Your goal - Copy each record below exactly, please, and leave its pictures out.
------ Data ------
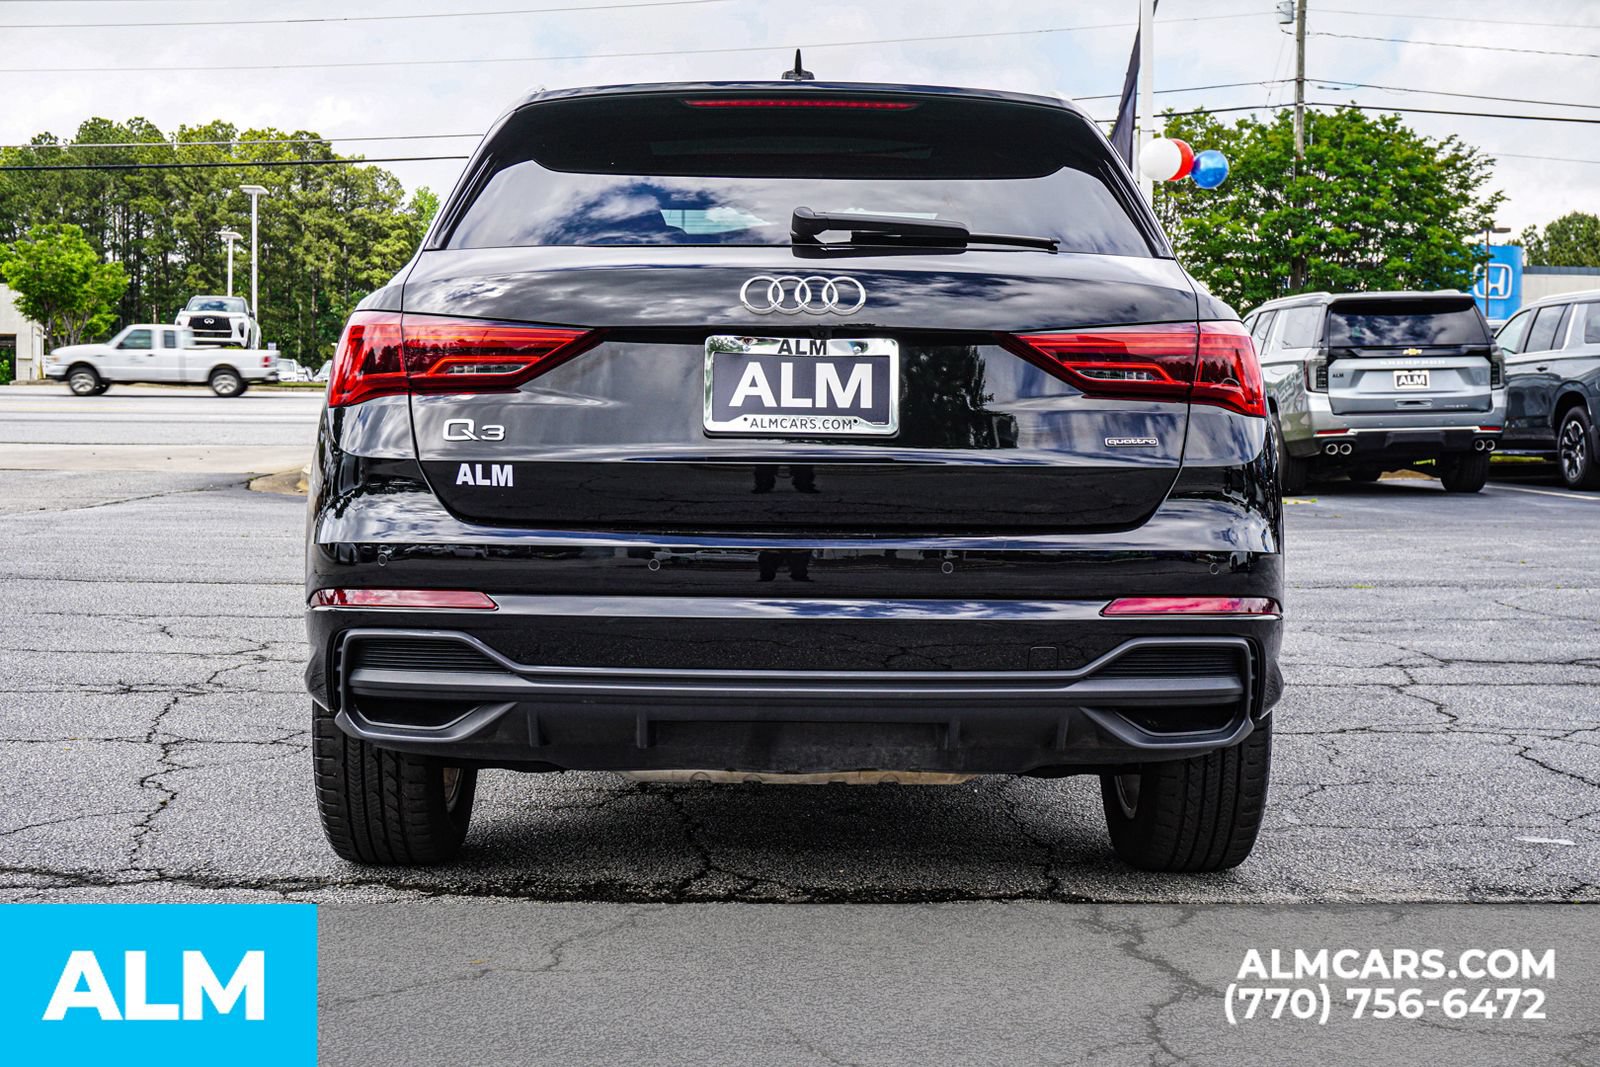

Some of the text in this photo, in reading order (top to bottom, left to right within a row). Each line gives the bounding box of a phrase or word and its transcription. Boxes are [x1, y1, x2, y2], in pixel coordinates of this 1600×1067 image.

[777, 339, 828, 356] ALM
[728, 361, 874, 409] ALM
[1398, 375, 1426, 385] ALM
[442, 418, 506, 441] Q3
[749, 417, 854, 430] ALMCARS.COM
[1108, 438, 1157, 446] quattro
[456, 463, 514, 487] ALM
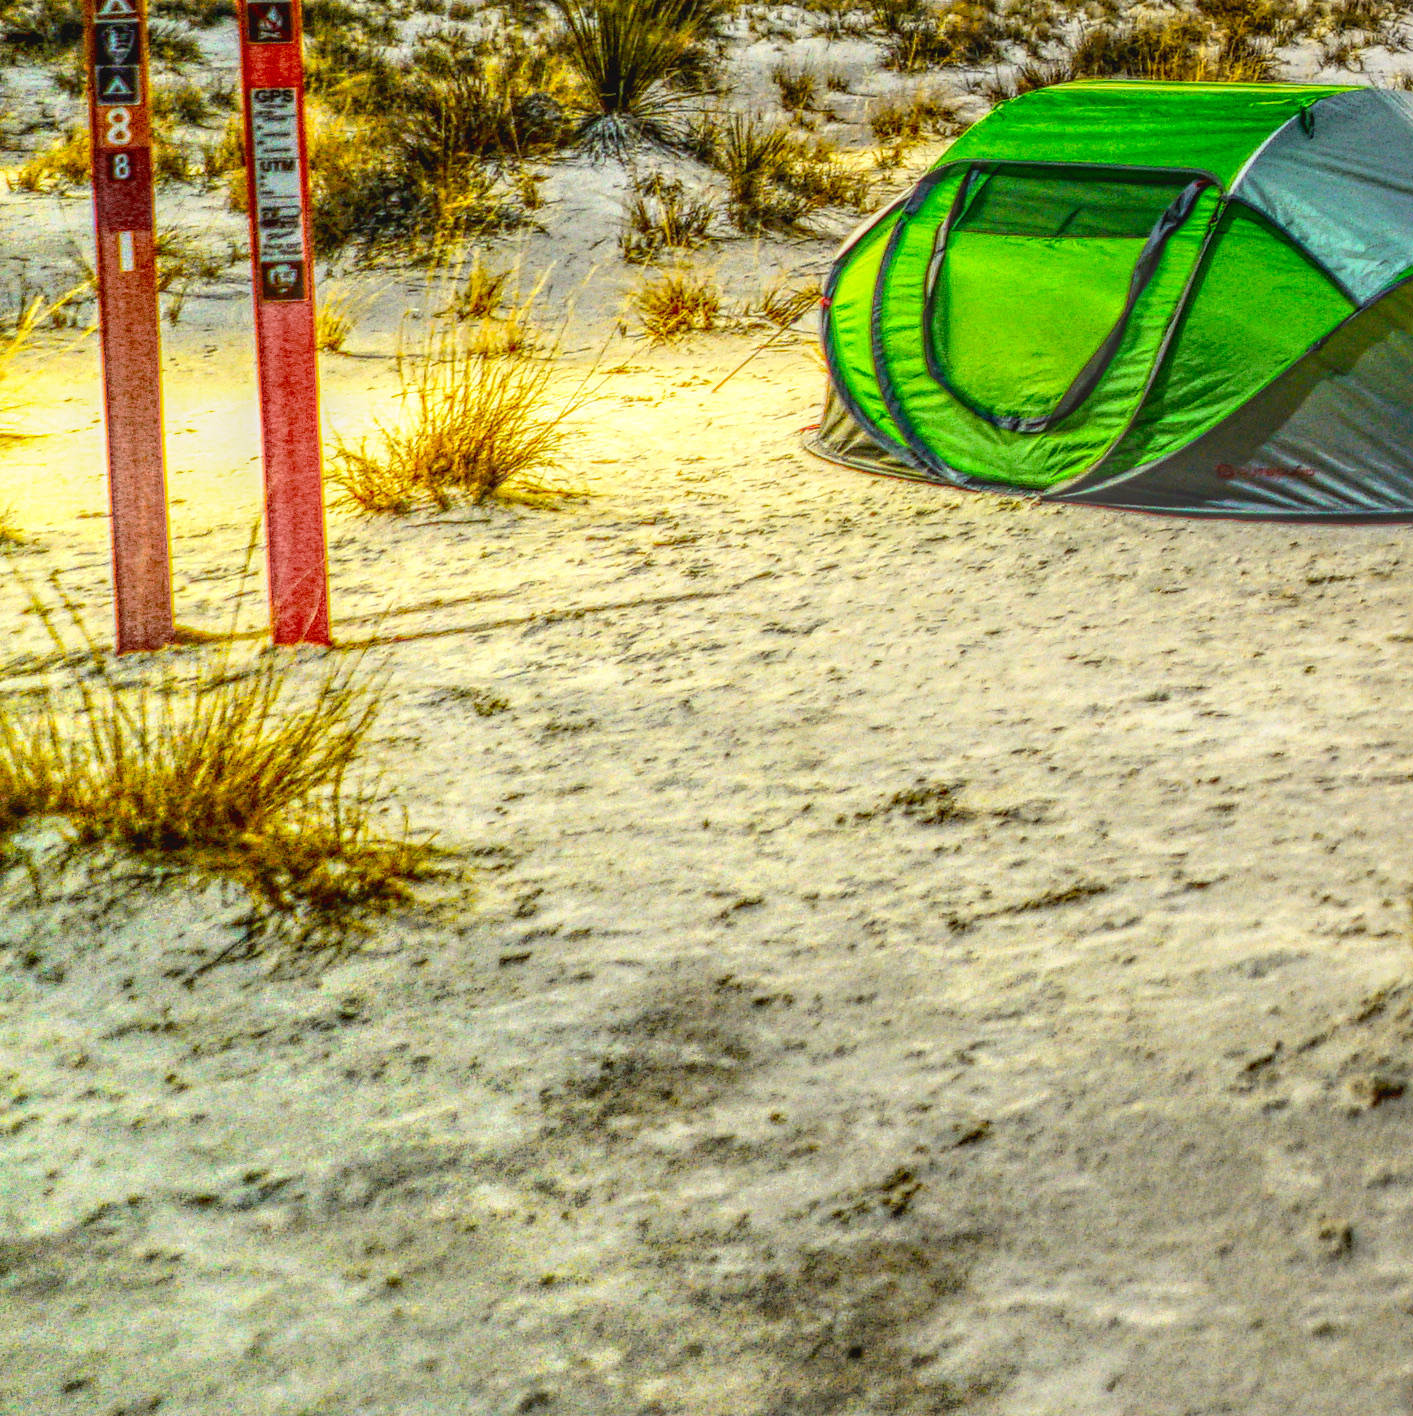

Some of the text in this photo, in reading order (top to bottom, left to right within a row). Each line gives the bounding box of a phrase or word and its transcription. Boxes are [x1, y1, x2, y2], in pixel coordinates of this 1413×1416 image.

[254, 89, 295, 103] GPS
[107, 107, 131, 145] 8
[114, 154, 130, 179] 8
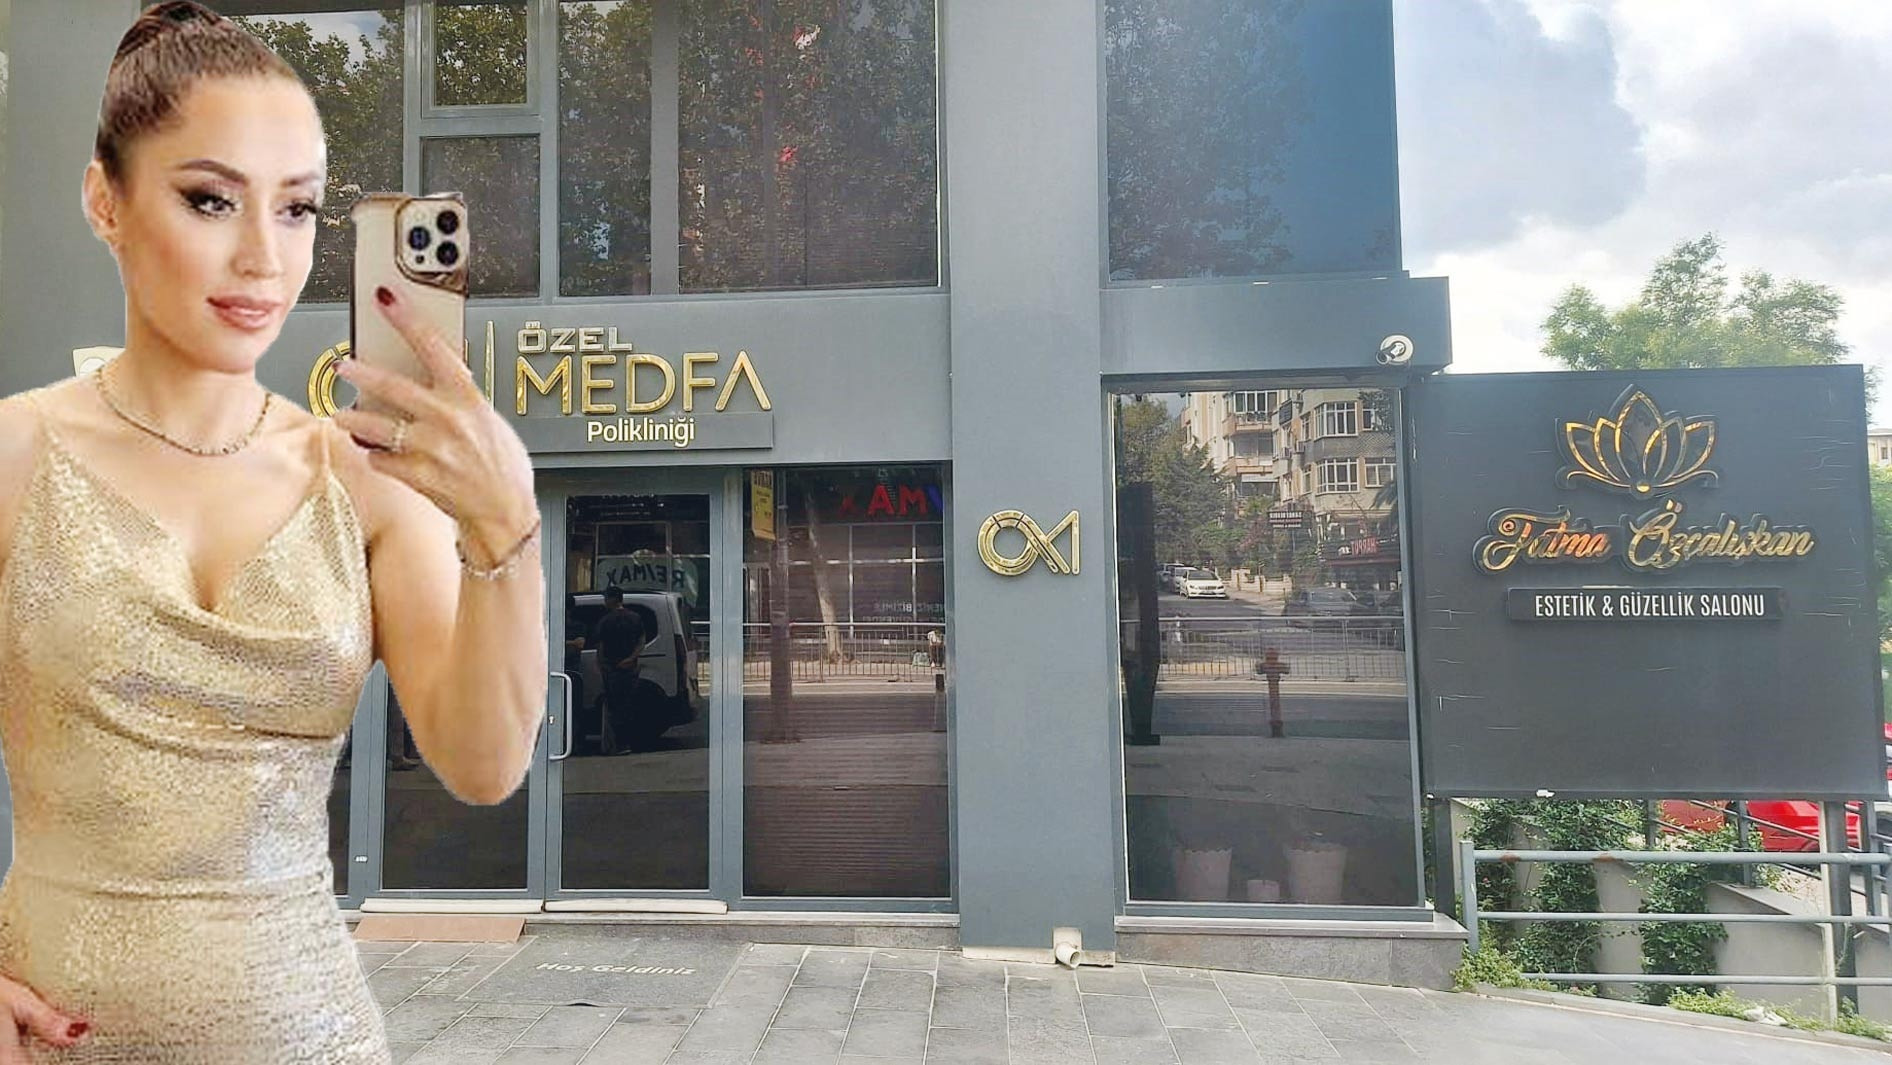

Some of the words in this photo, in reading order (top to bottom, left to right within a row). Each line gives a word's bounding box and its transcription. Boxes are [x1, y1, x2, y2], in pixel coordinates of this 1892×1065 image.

[517, 320, 633, 353] ÖZEL
[516, 350, 772, 416] MEDFA
[587, 415, 695, 448] Polikliniği
[1482, 505, 1610, 571] Fatma
[1534, 593, 1596, 617] ESTETİK
[1602, 594, 1614, 617] &
[1619, 592, 1695, 617] GÜZELLİK
[1700, 593, 1765, 616] SALONU
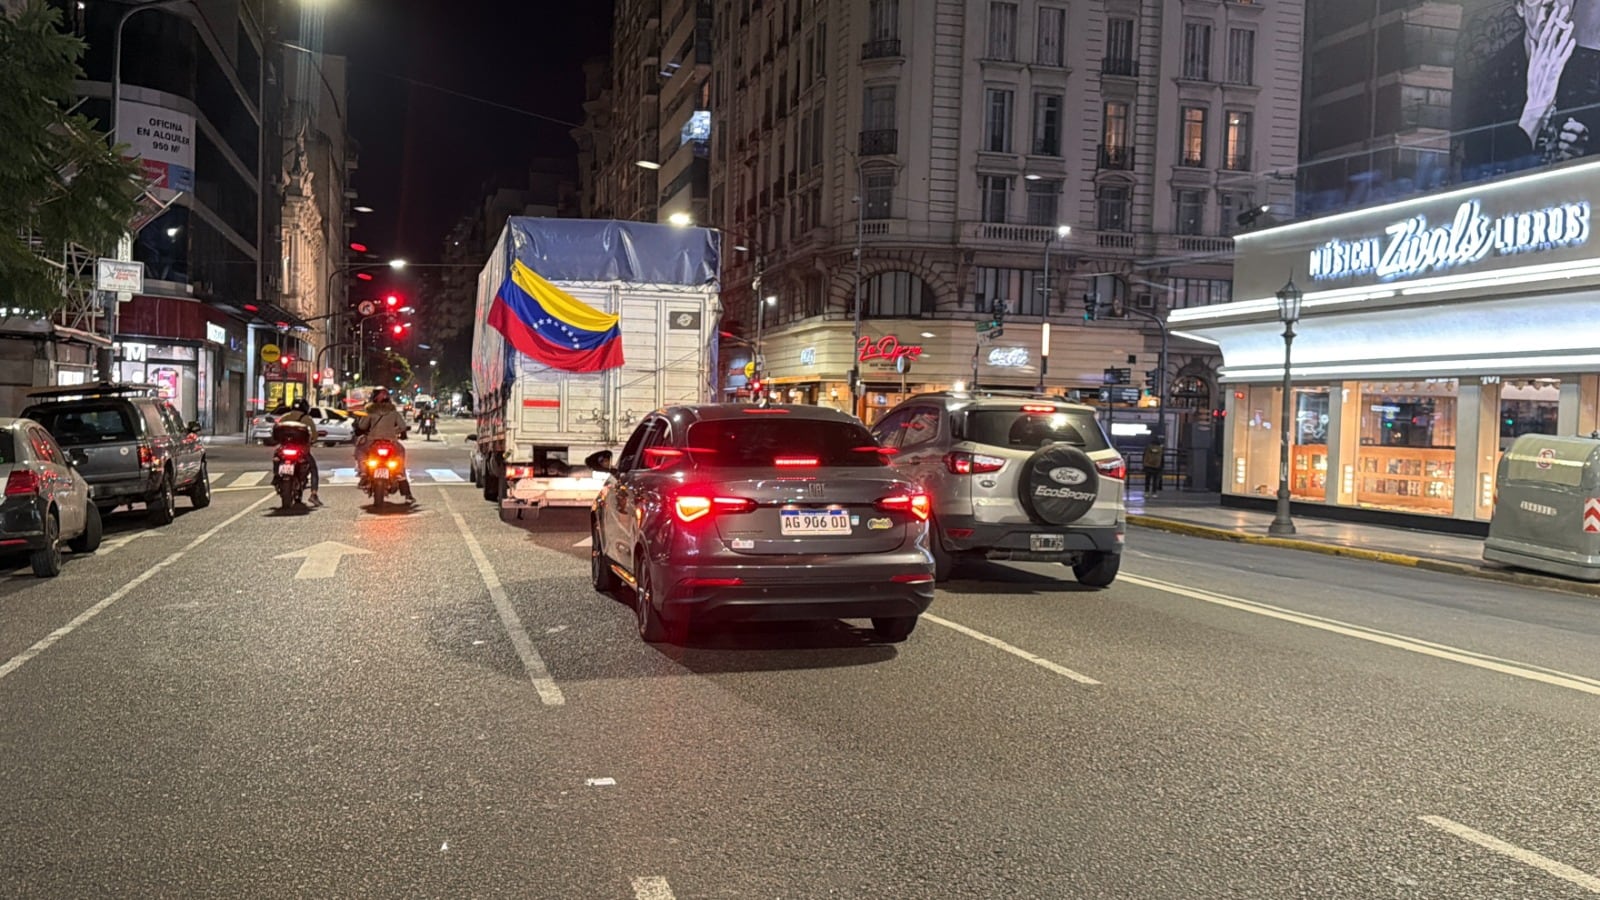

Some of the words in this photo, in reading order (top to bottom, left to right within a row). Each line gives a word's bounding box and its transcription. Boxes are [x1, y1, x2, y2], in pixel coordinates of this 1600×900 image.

[149, 118, 183, 132] OFICINA
[136, 127, 151, 137] EN
[153, 130, 190, 145] ALQUILER
[152, 141, 169, 151] 950
[1376, 200, 1495, 278] Zivals
[1495, 202, 1590, 250] LIBROS
[857, 336, 877, 361] La
[1055, 468, 1079, 482] Ford
[808, 483, 825, 497] FIAT
[785, 516, 801, 529] AG
[804, 516, 827, 529] 906
------
Result of the task -
Some of the text in this photo, in reading order (top to bottom, left to right within a row). Each line gives the bounding box of a phrase or word and its transcription. Boxes are [x1, y1, x2, y2], in pixel coordinates of this 1600×1067 image.

[777, 339, 828, 356] ALM
[728, 361, 874, 409] ALM
[1398, 375, 1426, 385] ALM
[442, 418, 506, 441] Q3
[749, 417, 854, 430] ALMCARS.COM
[1108, 438, 1157, 446] quattro
[456, 463, 514, 487] ALM

Some of the text in this photo, in reading order (top to bottom, left to right within a row). Each line gives the bounding box of a phrase or word and its transcription. Boxes are [x1, y1, x2, y2], in pixel coordinates of this 1413×1416 image.

[254, 89, 295, 103] GPS
[107, 107, 131, 145] 8
[114, 154, 130, 179] 8

Some of the words in this photo, in reading order (top to bottom, left to right within a row). Each line gives a word's bounding box and its transcription. Boxes are [x1, y1, x2, y2], in pixel coordinates of this 1892×1065 image.

[517, 320, 633, 353] ÖZEL
[516, 350, 772, 416] MEDFA
[587, 415, 695, 448] Polikliniği
[1482, 505, 1610, 571] Fatma
[1534, 593, 1596, 617] ESTETİK
[1602, 594, 1614, 617] &
[1619, 592, 1695, 617] GÜZELLİK
[1700, 593, 1765, 616] SALONU

Some of the words in this photo, in reading order (top to bottom, left to right within a row). Each line gives a word's bounding box and its transcription. Boxes are [x1, y1, x2, y2], in pixel coordinates of this 1600×900 image.

[149, 118, 183, 132] OFICINA
[136, 127, 151, 137] EN
[153, 130, 190, 145] ALQUILER
[152, 141, 169, 151] 950
[1376, 200, 1495, 278] Zivals
[1495, 202, 1590, 250] LIBROS
[857, 336, 877, 361] La
[1055, 468, 1079, 482] Ford
[808, 483, 825, 497] FIAT
[785, 516, 801, 529] AG
[804, 516, 827, 529] 906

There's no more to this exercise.